(Free-text object descriptions)
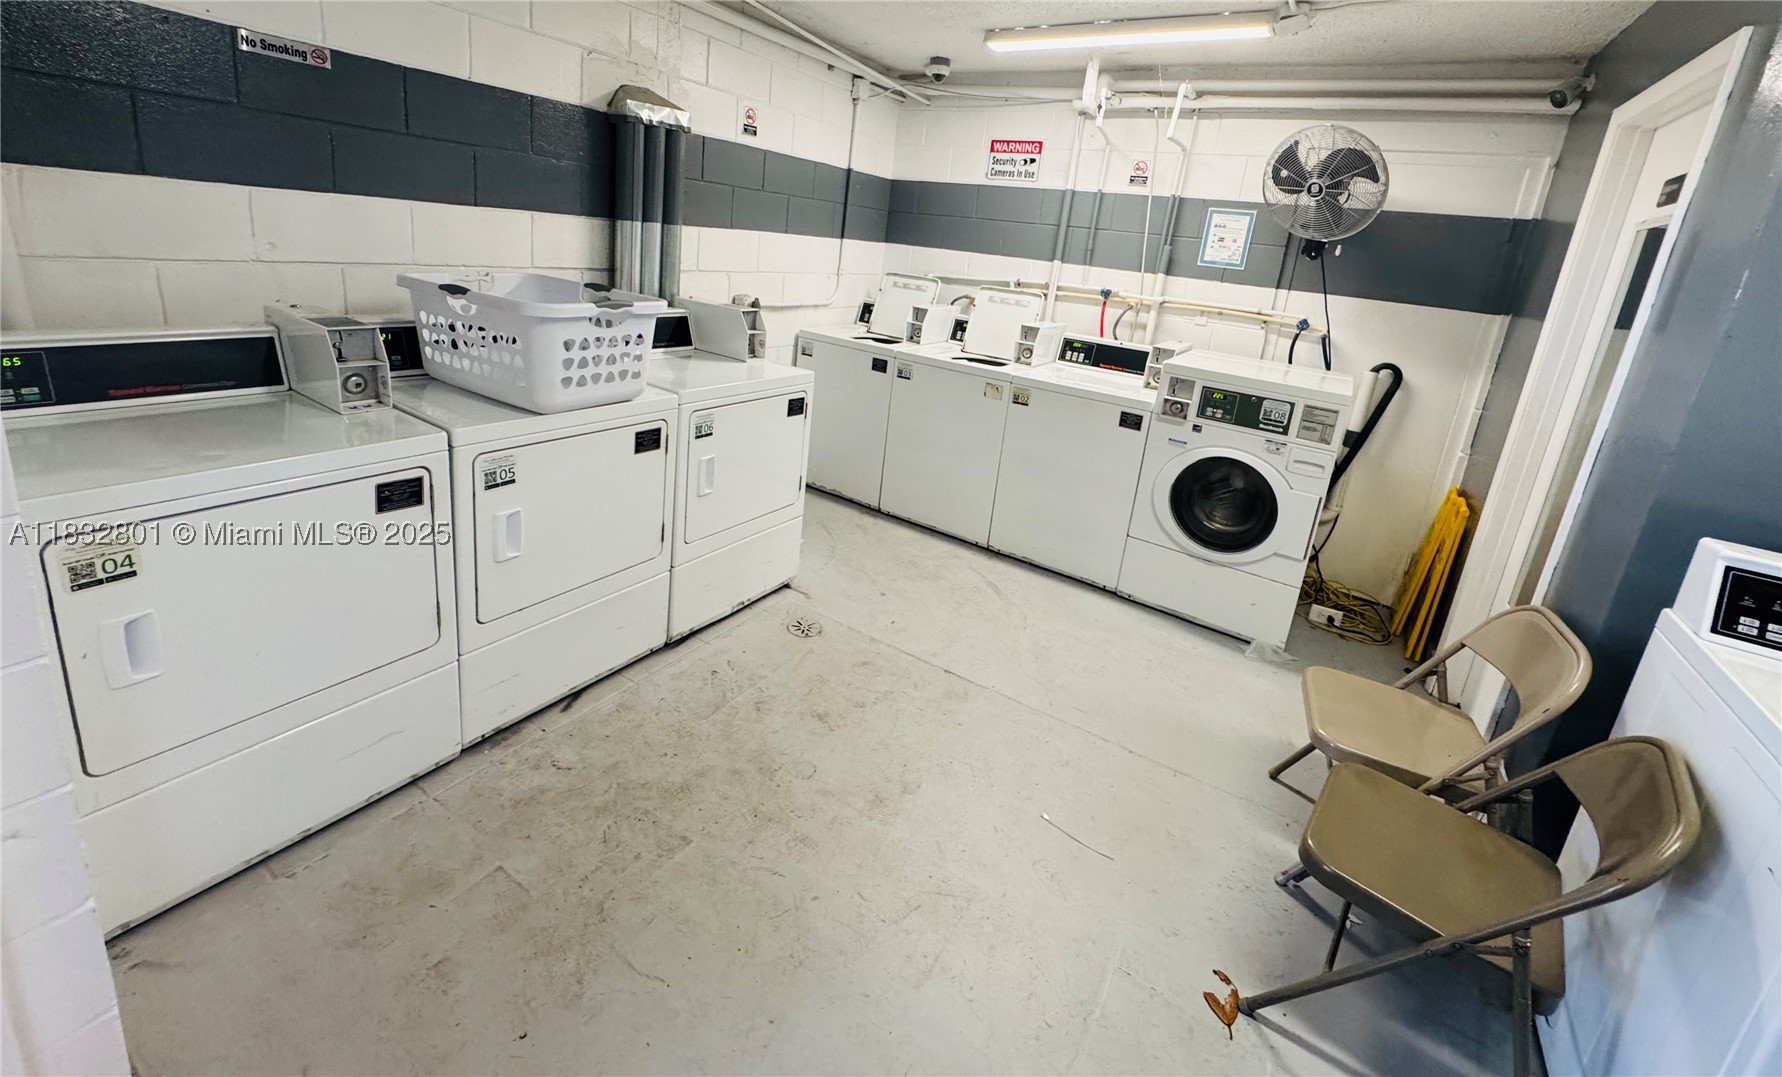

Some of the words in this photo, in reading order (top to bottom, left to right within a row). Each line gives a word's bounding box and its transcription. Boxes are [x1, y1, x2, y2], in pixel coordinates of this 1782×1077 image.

[240, 34, 257, 48] No
[259, 38, 308, 62] Smoking
[993, 141, 1040, 153] WARNING
[991, 155, 1017, 168] Security
[990, 167, 1015, 178] Cameras
[1017, 169, 1022, 178] In
[1024, 169, 1035, 179] Use
[903, 369, 912, 378] 03
[1020, 395, 1029, 403] 02
[1273, 411, 1287, 421] 08
[703, 422, 714, 433] 06
[499, 466, 516, 481] 05
[101, 554, 136, 575] 04

> Aim of the task:
Down to the last line, return the entries above exactly, with no pictures.

> Solution below:
Some of the words in this photo, in reading order (top to bottom, left to right within a row). Each line gives a word's bounding box and its transcription. Boxes are [x1, y1, x2, y2], in pixel coordinates of this 1782×1077 image.

[240, 34, 257, 48] No
[259, 38, 308, 62] Smoking
[993, 141, 1040, 153] WARNING
[991, 155, 1017, 168] Security
[990, 167, 1015, 178] Cameras
[1017, 169, 1022, 178] In
[1024, 169, 1035, 179] Use
[903, 369, 912, 378] 03
[1020, 395, 1029, 403] 02
[1273, 411, 1287, 421] 08
[703, 422, 714, 433] 06
[499, 466, 516, 481] 05
[101, 554, 136, 575] 04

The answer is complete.